The answer is simple: We have to learn to embrace the Stone Age in us. We already have the right idea, with our bare-chested, macho, muscle car driving yobbos, we just have to readjust to the darkness, to candle light, to reading and studying by the light of an oil lamp. Many Lebanese already do that, those who can’t afford to supplement the state power supply with a private generator membership.
But, more crucially, a total collapse of the state power utility would be a watershed moment for the Lebanese, like the storming of the Bastille was for the French, it would be an opportunity to erase the past, wipe the slate clean, and start from scratch. No electricity would, I imagine, be just the impetus we need to get us down to the streets chanting that all too familiar chant in the Arab world ‘Al sha3b youreed taghyeer el nizam’. When a system is as rotten as ours is, change would be a relief, like pulling out a painful molar riddled with cavities, one good yank and it’s gone!
During the tail end of our 15-year-long civil war I spent a couple of years in Lebanon living a Stone Age existence. We would head up to the source of a spring in the mountains every other day to fill up half a dozen Gerry cans, sometimes in the freezing cold, and this was our supply for drinking, cooking, and even washing at times. The state water supply would come intermittently but unreliably. At one time we spent a whole month and Christmas by the light of a gas lamp, the first time in my experience when our Christmas tree was not lit up… well, like a Christmas tree.

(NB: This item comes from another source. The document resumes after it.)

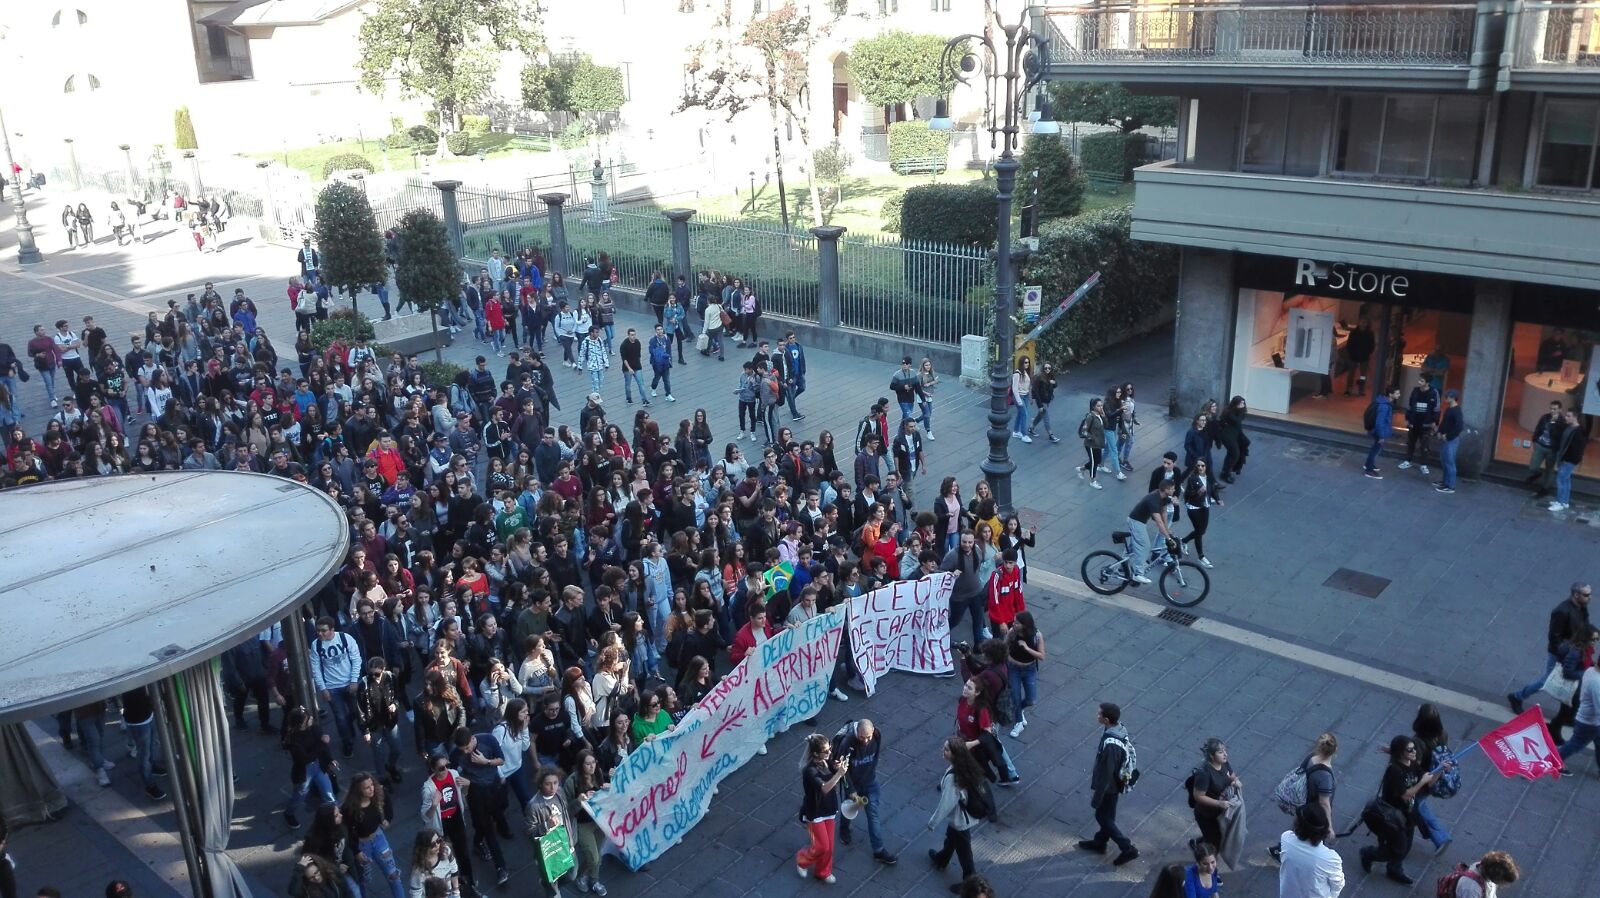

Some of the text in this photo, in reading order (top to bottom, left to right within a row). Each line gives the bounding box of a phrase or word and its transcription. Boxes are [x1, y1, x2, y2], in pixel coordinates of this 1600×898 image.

And, believe it on not, we survived fairly well. Certainly there were a handful of people with private generators, but not enough to make the air totally un-breathable, very few factories were operating at the time, traffic jams were unheard off because it was too dangerous to venture out and petrol was scarce and precious. Environmentally, speaking we were far better off than we are today.
I am not saying we should go back in time or back to civil war, but only to stop and think at what we consume and how long we can keep consuming, and to think if consumption really makes us happy. Another thing to think on is how indispensible electrical power is to our system, if only to our hospital ICUs, our airport control towers, our water pumping stations, to name only a few vital services and what the total absence of power will result in. Because, we are fast approaching that point when the power utility will no longer be able to continue functioning, politically, economically, and technically. And if we ever thought that moment can be forestalled till after the summer or that power barges can supplement our power supply, then we were deluding ourselves.
We should prepare for the worst, but also embrace the change to come, because after standing still for this long doing nothing and allowing nothing to get done, we lost our right to determine what change we want, change will happen like it or not and it will be out of our hands to stop it or direct it in the way we want. Think on that nation and stock up on batteries and canned goods, I know I will!